## RECORD EXTRACTS
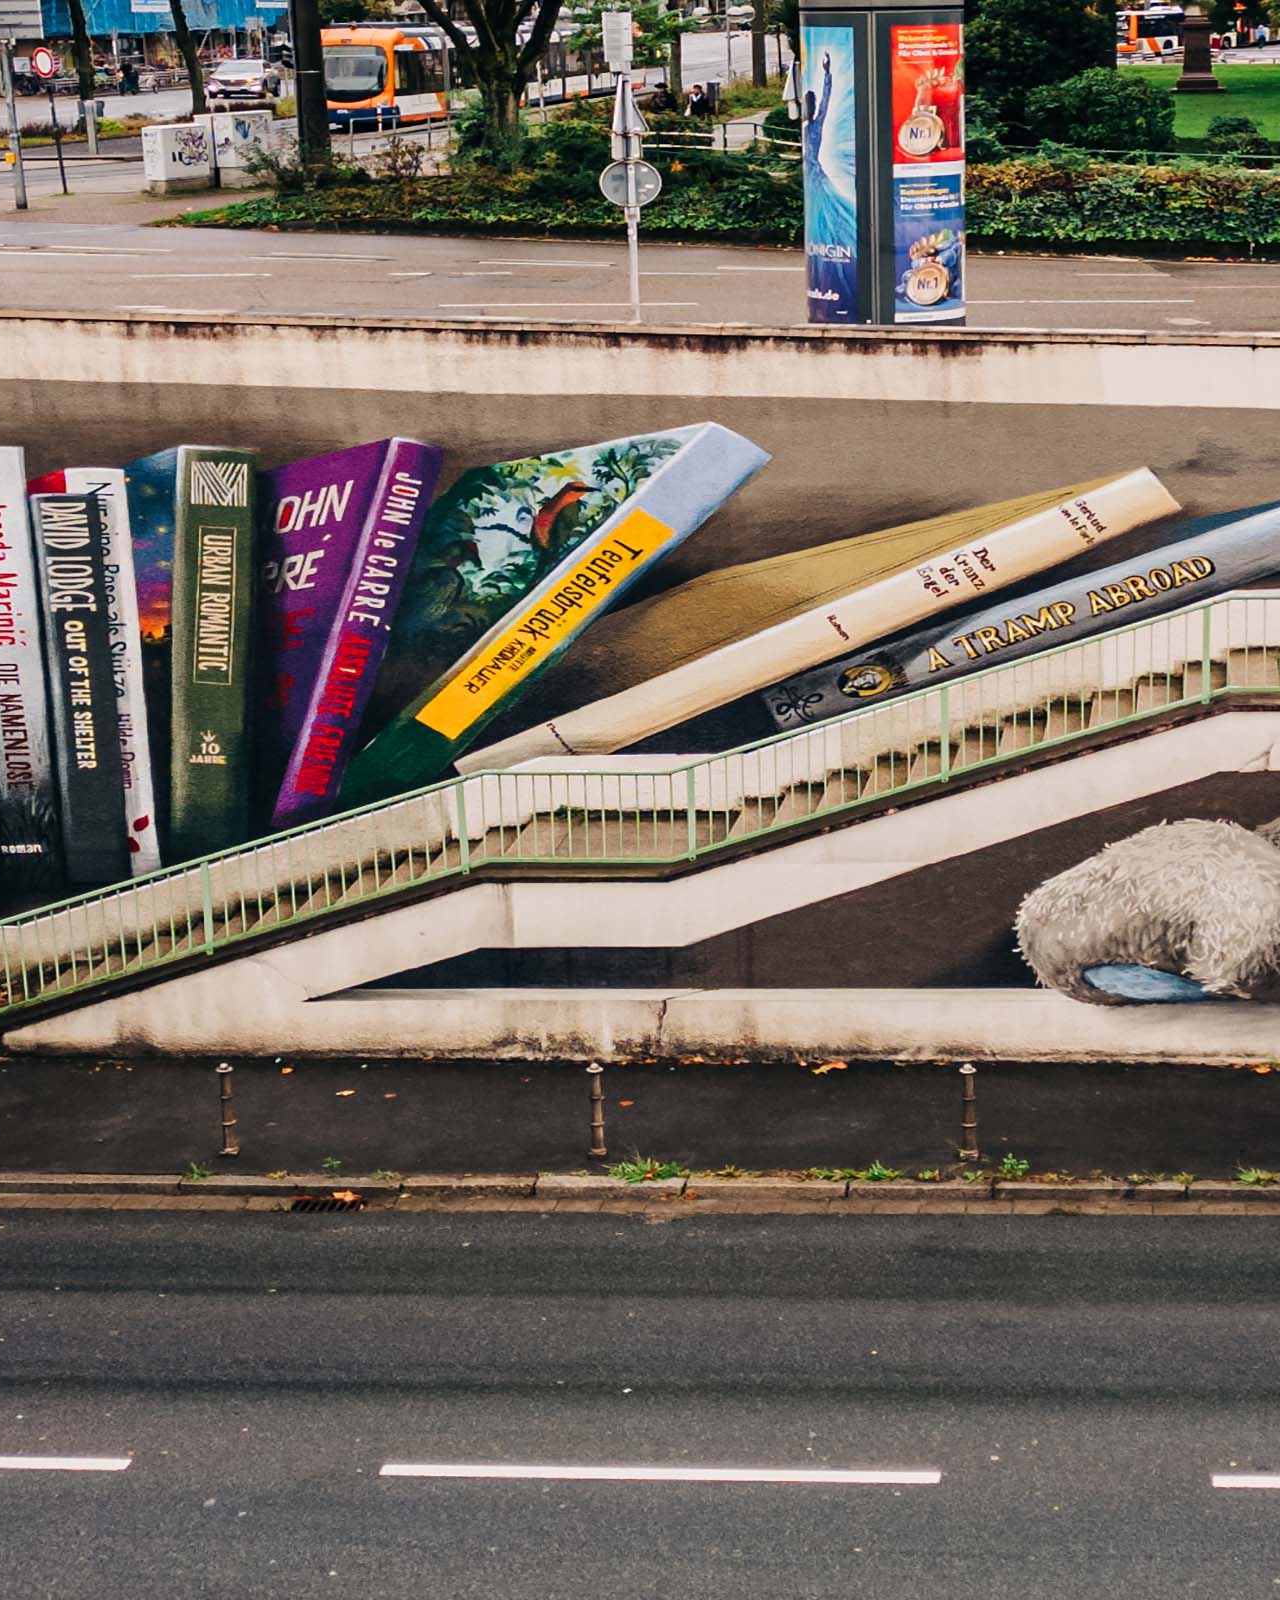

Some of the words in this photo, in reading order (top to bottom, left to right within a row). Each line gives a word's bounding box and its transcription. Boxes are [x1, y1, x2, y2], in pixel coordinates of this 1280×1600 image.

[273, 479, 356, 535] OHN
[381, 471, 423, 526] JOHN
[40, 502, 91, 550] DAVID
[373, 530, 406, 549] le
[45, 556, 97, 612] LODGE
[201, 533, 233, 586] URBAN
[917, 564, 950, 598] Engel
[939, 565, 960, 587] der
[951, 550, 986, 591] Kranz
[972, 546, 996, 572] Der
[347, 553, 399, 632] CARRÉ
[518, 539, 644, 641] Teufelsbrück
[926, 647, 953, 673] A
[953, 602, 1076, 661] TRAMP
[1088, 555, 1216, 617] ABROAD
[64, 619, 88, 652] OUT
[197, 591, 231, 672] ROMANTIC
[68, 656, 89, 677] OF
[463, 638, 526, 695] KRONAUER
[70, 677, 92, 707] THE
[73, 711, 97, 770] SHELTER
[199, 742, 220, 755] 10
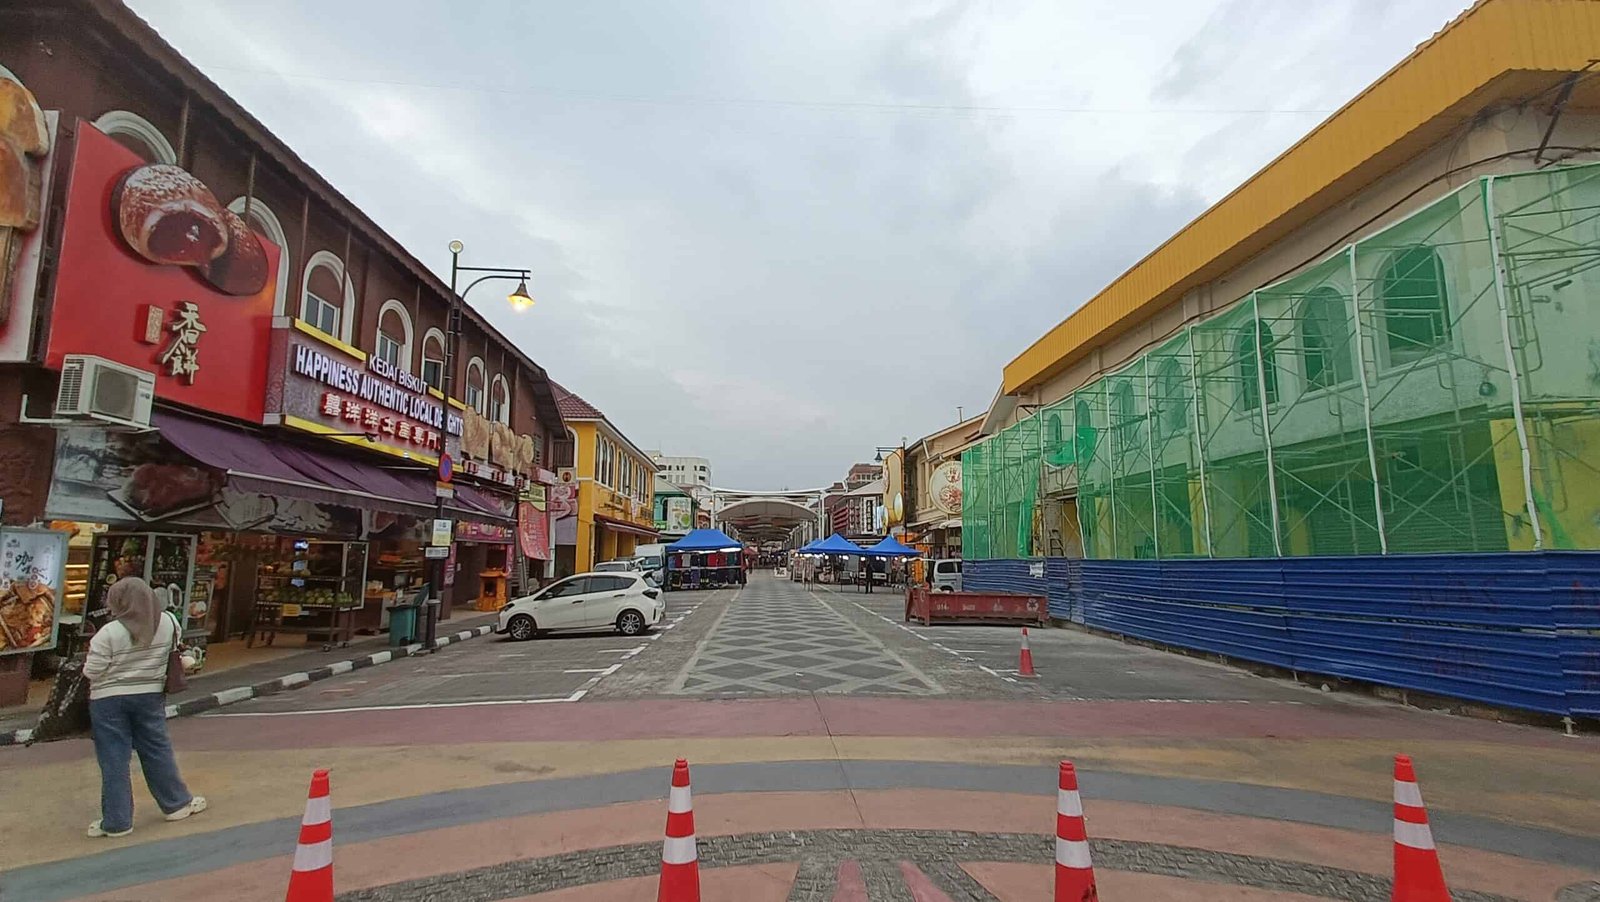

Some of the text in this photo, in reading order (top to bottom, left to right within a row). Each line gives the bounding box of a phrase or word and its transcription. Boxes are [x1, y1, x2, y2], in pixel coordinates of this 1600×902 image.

## EXERCISE
Repeat each line of the records exactly, dropping the pictures.

## EXPECTED ANSWER
Some of the words in this photo, in reading order (top to bottom, left to right within a row). Each line gives a word's bounding box and its transcription. Boxes are [x1, y1, x2, y2], in pixel coordinates of this 1280×1600 image.

[273, 479, 356, 535] OHN
[381, 471, 423, 526] JOHN
[40, 502, 91, 550] DAVID
[373, 530, 406, 549] le
[45, 556, 97, 612] LODGE
[201, 533, 233, 586] URBAN
[917, 564, 950, 598] Engel
[939, 565, 960, 587] der
[951, 550, 986, 591] Kranz
[972, 546, 996, 572] Der
[347, 553, 399, 632] CARRÉ
[518, 539, 644, 641] Teufelsbrück
[926, 647, 953, 673] A
[953, 602, 1076, 661] TRAMP
[1088, 555, 1216, 617] ABROAD
[64, 619, 88, 652] OUT
[197, 591, 231, 672] ROMANTIC
[68, 656, 89, 677] OF
[463, 638, 526, 695] KRONAUER
[70, 677, 92, 707] THE
[73, 711, 97, 770] SHELTER
[199, 742, 220, 755] 10

Some of the text in this photo, in reading order (top to bottom, left to right within a row). Each line gives the bounding box of a phrase or word and its transcription. Boxes are [x1, y1, x2, y2], in pixel coordinates of this 1600×902 image.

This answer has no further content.